***** INFORMATION GIVEN

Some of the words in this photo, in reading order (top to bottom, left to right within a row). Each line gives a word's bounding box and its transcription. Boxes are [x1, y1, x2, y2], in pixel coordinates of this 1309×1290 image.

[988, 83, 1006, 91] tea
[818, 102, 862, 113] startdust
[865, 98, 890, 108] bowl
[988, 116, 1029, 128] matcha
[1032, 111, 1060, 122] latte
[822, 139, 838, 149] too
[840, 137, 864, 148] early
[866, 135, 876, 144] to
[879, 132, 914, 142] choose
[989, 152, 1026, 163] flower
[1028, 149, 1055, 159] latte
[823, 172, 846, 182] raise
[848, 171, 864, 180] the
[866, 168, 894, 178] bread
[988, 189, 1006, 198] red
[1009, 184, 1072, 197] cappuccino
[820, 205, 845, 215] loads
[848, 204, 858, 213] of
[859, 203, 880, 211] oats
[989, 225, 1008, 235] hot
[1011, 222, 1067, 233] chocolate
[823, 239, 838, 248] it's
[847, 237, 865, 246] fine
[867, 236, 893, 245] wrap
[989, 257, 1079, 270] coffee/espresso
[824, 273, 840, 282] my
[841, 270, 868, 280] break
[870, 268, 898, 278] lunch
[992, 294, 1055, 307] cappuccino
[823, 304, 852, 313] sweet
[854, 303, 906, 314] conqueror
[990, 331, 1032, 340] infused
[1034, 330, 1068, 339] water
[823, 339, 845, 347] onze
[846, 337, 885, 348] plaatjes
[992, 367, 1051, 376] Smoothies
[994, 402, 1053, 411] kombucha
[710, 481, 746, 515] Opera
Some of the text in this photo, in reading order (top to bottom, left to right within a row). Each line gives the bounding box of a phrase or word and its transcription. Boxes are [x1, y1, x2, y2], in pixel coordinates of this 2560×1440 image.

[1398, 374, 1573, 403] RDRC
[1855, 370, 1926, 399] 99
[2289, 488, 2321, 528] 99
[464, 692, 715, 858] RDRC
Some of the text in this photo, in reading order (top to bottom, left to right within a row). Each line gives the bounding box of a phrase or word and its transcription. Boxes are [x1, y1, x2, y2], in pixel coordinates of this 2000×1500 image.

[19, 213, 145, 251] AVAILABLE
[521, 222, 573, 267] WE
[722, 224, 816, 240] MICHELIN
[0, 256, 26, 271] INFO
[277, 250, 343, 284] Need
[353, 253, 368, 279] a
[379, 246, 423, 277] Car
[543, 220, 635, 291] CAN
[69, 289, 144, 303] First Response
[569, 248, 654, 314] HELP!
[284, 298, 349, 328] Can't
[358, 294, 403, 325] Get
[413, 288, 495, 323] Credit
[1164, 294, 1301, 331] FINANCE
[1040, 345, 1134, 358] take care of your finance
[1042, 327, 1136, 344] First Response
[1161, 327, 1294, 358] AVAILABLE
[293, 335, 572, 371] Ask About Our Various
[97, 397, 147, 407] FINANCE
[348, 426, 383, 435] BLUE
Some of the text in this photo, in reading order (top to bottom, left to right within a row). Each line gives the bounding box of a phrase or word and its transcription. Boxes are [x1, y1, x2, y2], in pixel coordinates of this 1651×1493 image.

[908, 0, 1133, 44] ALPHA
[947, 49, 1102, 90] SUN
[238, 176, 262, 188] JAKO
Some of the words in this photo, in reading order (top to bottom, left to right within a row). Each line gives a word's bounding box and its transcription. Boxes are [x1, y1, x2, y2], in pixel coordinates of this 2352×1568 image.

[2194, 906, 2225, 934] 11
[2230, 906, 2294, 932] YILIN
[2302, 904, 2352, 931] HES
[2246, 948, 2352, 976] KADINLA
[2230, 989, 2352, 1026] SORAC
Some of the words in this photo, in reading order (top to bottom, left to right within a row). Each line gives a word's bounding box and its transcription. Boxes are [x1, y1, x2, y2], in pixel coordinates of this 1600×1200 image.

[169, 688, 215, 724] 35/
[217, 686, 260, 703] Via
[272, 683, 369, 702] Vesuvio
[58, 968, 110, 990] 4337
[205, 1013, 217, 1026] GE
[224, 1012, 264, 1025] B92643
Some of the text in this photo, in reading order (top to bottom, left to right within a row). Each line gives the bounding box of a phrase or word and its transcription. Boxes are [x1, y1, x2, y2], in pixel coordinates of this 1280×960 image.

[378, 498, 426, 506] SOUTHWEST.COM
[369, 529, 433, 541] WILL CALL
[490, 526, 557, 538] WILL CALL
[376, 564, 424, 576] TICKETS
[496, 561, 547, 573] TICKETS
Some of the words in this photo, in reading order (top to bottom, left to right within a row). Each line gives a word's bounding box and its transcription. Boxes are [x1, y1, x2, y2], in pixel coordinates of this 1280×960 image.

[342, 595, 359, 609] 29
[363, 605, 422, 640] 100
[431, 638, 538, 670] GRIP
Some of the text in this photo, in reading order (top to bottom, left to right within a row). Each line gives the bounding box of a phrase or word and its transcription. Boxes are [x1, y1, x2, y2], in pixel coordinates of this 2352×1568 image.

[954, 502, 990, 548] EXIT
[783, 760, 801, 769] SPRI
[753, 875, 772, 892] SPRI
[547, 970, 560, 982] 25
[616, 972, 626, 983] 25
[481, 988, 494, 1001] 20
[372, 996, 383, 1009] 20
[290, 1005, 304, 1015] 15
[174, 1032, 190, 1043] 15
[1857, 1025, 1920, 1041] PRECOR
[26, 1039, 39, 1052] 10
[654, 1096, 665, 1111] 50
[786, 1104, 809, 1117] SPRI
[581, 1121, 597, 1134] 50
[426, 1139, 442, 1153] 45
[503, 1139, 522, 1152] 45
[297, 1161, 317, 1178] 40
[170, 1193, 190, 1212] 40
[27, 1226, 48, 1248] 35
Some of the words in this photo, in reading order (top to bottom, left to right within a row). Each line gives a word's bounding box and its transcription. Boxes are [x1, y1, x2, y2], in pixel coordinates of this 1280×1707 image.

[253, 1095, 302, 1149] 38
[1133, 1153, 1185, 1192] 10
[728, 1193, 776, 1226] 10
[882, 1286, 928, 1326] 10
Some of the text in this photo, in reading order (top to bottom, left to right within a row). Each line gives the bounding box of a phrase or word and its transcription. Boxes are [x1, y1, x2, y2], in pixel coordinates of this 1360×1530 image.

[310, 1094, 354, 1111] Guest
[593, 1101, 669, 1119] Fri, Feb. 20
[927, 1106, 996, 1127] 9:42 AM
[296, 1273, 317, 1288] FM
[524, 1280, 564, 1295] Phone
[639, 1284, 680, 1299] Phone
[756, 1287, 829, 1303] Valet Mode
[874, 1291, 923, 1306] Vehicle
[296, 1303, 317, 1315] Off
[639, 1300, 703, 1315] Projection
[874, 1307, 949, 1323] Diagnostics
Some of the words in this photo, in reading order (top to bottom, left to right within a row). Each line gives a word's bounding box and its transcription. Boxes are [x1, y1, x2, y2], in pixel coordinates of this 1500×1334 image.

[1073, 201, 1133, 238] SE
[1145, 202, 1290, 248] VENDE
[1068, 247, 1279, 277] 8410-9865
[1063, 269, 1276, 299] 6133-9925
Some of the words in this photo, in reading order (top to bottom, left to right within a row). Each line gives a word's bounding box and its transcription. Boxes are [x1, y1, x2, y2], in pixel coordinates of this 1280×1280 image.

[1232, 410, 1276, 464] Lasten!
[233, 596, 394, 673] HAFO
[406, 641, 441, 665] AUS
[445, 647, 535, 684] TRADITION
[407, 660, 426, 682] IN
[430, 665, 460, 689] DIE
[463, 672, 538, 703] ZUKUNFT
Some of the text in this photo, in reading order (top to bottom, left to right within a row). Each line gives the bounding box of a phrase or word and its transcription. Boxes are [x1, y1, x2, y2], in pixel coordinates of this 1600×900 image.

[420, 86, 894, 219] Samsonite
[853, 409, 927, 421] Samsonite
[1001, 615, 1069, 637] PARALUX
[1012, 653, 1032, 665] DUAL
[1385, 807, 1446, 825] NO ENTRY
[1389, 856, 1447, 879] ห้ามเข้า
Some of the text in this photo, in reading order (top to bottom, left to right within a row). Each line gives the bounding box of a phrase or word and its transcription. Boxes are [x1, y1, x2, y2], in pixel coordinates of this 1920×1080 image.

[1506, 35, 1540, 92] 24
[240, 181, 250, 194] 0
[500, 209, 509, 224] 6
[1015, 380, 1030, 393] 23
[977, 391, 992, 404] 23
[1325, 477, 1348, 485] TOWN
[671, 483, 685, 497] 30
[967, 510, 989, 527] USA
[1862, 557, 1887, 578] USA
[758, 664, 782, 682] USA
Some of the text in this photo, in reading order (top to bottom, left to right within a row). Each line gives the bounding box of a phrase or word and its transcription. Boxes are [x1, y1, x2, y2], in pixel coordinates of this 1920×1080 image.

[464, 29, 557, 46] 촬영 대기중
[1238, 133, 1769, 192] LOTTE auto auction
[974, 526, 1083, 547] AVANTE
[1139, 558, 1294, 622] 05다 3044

**********

TASK DETAILS: Start with the line that contains "this 1280×1280 image.", end with the last line of the entries, and please retype every line in that span exactly, with no others.

EXERCISE SOLUTION:
Some of the words in this photo, in reading order (top to bottom, left to right within a row). Each line gives a word's bounding box and its transcription. Boxes are [x1, y1, x2, y2], in pixel coordinates of this 1280×1280 image.

[1232, 410, 1276, 464] Lasten!
[233, 596, 394, 673] HAFO
[406, 641, 441, 665] AUS
[445, 647, 535, 684] TRADITION
[407, 660, 426, 682] IN
[430, 665, 460, 689] DIE
[463, 672, 538, 703] ZUKUNFT
Some of the text in this photo, in reading order (top to bottom, left to right within a row). Each line gives the bounding box of a phrase or word and its transcription. Boxes are [x1, y1, x2, y2], in pixel coordinates of this 1600×900 image.

[420, 86, 894, 219] Samsonite
[853, 409, 927, 421] Samsonite
[1001, 615, 1069, 637] PARALUX
[1012, 653, 1032, 665] DUAL
[1385, 807, 1446, 825] NO ENTRY
[1389, 856, 1447, 879] ห้ามเข้า
Some of the text in this photo, in reading order (top to bottom, left to right within a row). Each line gives the bounding box of a phrase or word and its transcription. Boxes are [x1, y1, x2, y2], in pixel coordinates of this 1920×1080 image.

[1506, 35, 1540, 92] 24
[240, 181, 250, 194] 0
[500, 209, 509, 224] 6
[1015, 380, 1030, 393] 23
[977, 391, 992, 404] 23
[1325, 477, 1348, 485] TOWN
[671, 483, 685, 497] 30
[967, 510, 989, 527] USA
[1862, 557, 1887, 578] USA
[758, 664, 782, 682] USA
Some of the text in this photo, in reading order (top to bottom, left to right within a row). Each line gives the bounding box of a phrase or word and its transcription. Boxes are [x1, y1, x2, y2], in pixel coordinates of this 1920×1080 image.

[464, 29, 557, 46] 촬영 대기중
[1238, 133, 1769, 192] LOTTE auto auction
[974, 526, 1083, 547] AVANTE
[1139, 558, 1294, 622] 05다 3044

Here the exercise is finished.